◆ **What the task asks**
Please transcribe the data below exactly. Leave the pictures out.

◆ **Records shown**
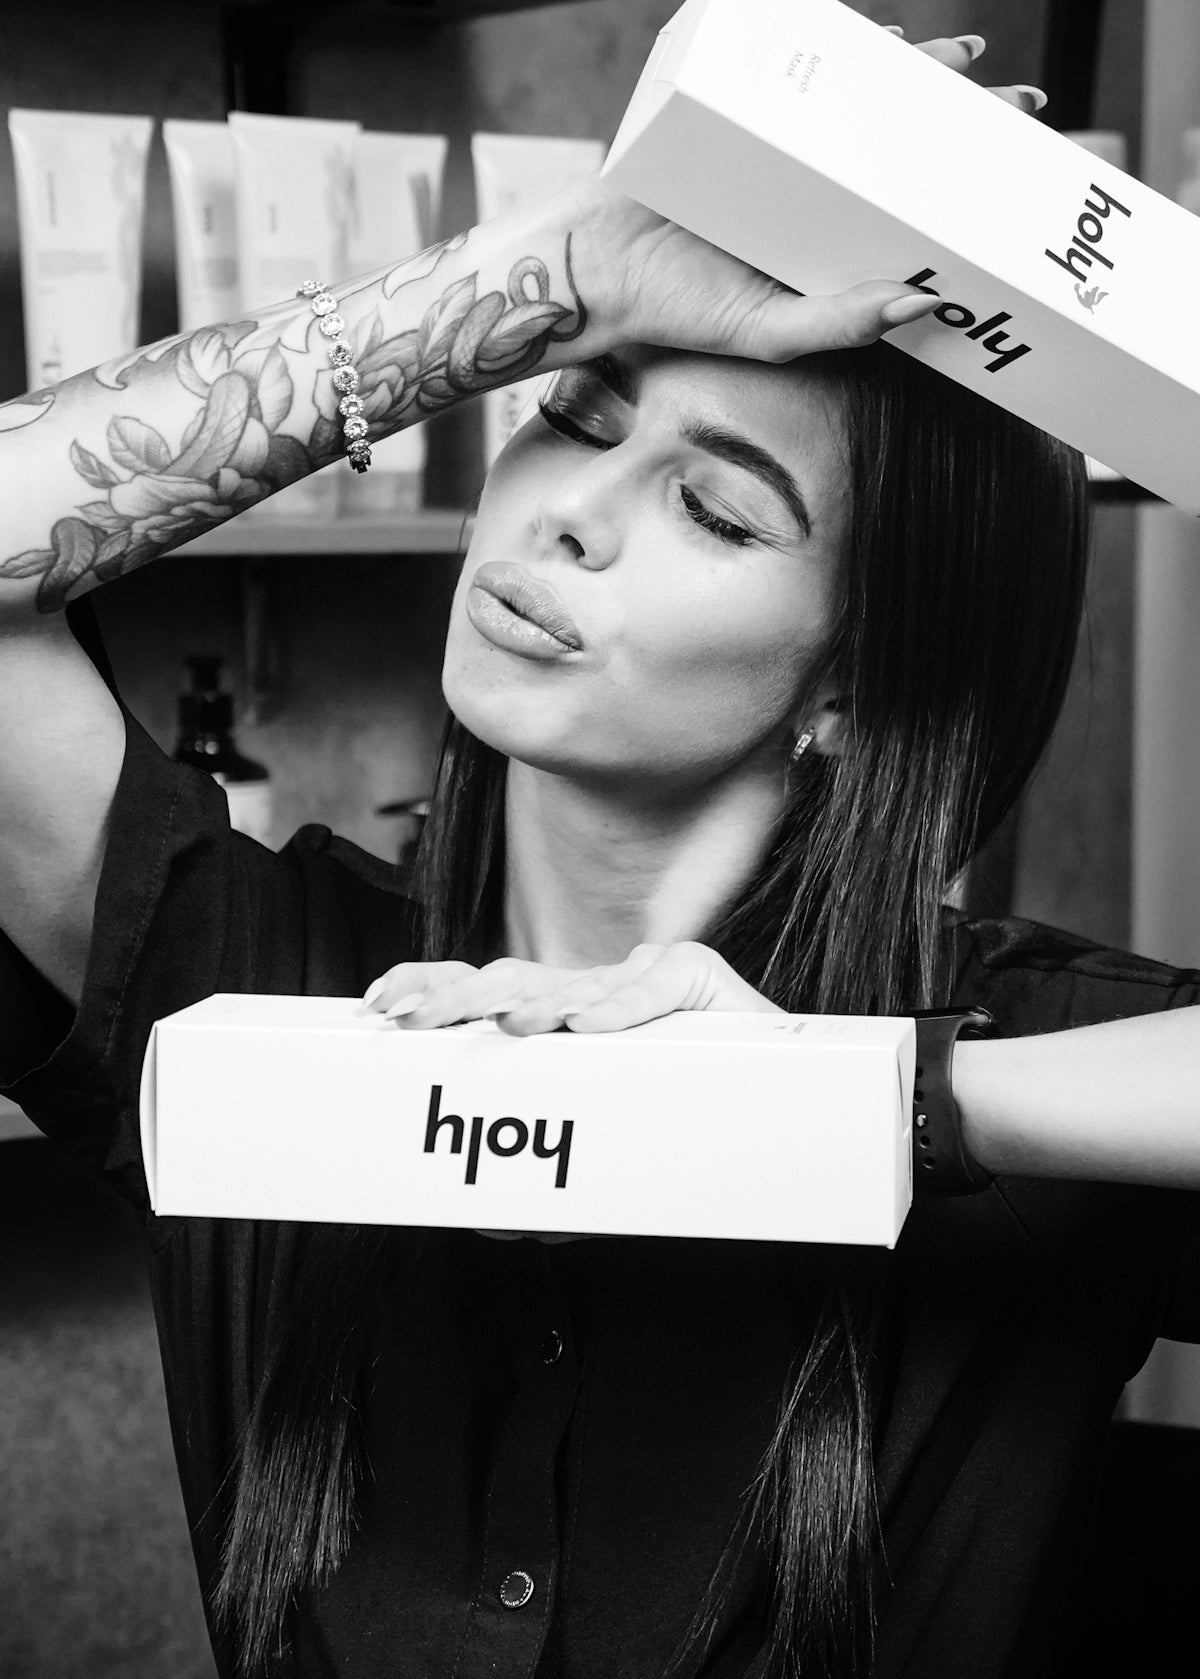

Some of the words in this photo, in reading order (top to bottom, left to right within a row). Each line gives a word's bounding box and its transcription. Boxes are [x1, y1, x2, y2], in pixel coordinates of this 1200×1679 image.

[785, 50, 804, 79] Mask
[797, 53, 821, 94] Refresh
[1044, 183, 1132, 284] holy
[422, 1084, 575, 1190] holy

◆ **Solution**
Some of the words in this photo, in reading order (top to bottom, left to right within a row). Each line gives a word's bounding box and its transcription. Boxes are [x1, y1, x2, y2], in pixel coordinates of this 1200×1679 image.

[785, 50, 804, 79] Mask
[797, 53, 821, 94] Refresh
[1044, 183, 1132, 284] holy
[422, 1084, 575, 1190] holy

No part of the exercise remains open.